Parents who want to follow the advise of public health experts can’t discern what their position is on the HPV vaccine, even though it is exactly he same as it is on the HBV vaccine.  Experimental studies have confirmed that their exposure to the antagonistic meanings surrounding the former make them unable to form confident judgments about what experts believe about the risks and benefits of the HPV vaccine, even though CDC and pediatricians support it to the same extent as they do the  HBV vaccine and for the same reasons.

The antagonistic cultural meanings that suffuse issues like climate change and the HPV vaccine confront ordinary people with an extraordinary conflict between knowing what’s known to science and being who they are. This toxic environment poses a singular threat to their capacity to make use of DRS to live happy and healthy lives.

V. Protecting the science communication environment from contamination is a critical aim of the science of science communication.

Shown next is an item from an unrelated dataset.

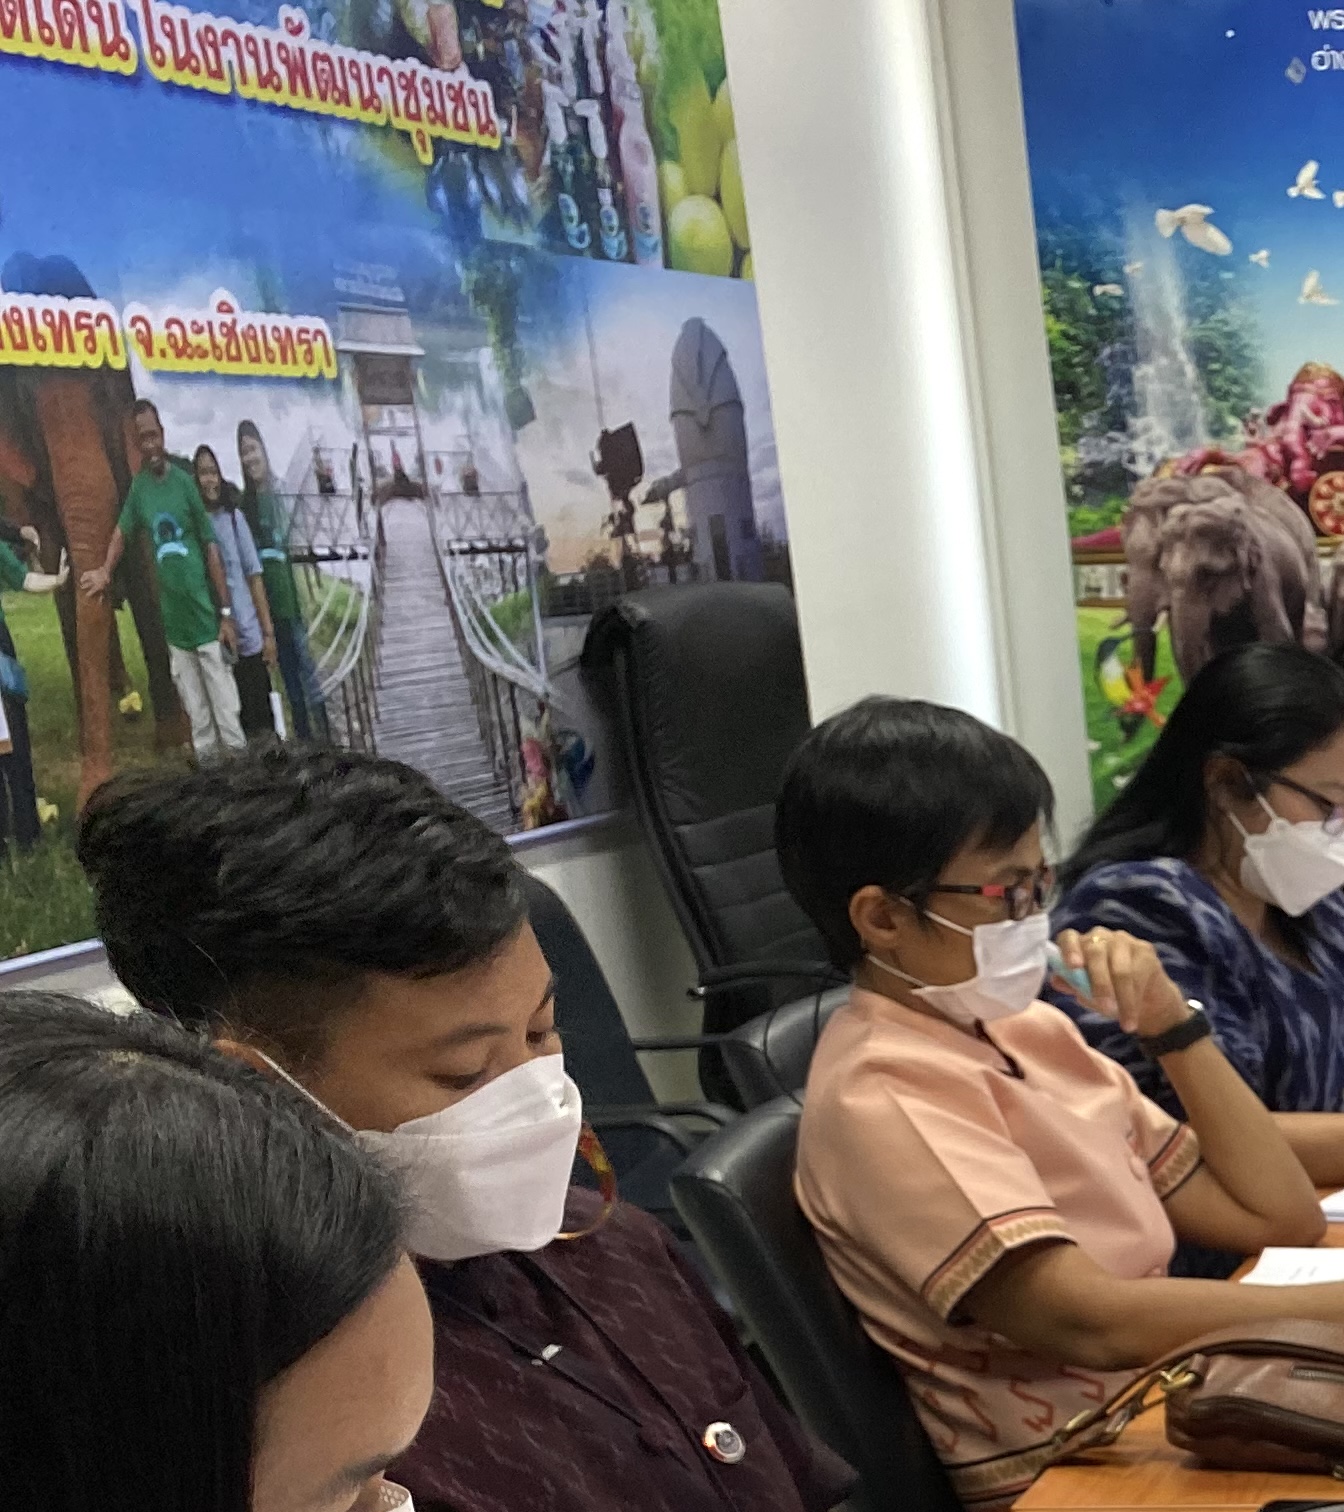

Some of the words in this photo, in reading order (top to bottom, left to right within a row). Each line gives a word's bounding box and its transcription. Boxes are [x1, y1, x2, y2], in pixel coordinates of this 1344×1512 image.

[0, 305, 118, 357] งเทรา
[129, 300, 333, 369] จ.ฉะเชิงเทรา

Repelling that threat demands the development of a systematic societal capacity to protect the science communication environment form the pollution of antagonistic cultural meanings.

Technologies for abating the dangers human beings face are not born with antagonistic cultural meanings.  They acquire them through historical contingencies of myriad forms. Strategic behavior plays a role; but sheer accident and misadventure also contribute.

Understanding the dynamics that govern this pathology is a central aim of the science of science communication.  We can learn how to anticipate and avoid them in connection with emerging forms of practical science, such as nanotechnology and synthetic biology. And we can perfect techniques for removing antagonistic meanings in the remaining instances in which intelligent, self-conscious protective action fails to prevent their release into the science communication environment.

The capacity to reliably recognize what is collectively known is not some form of substitute for attainment of scientific knowledge.  It is in fact a condition of it within the practice of science and outside of it.

In discerning DRS, the public is in fact exercising the most elemental form of human rationality.

Securing the political and social conditions in which that faculty can reliably function is the most important aim of the science of science communication.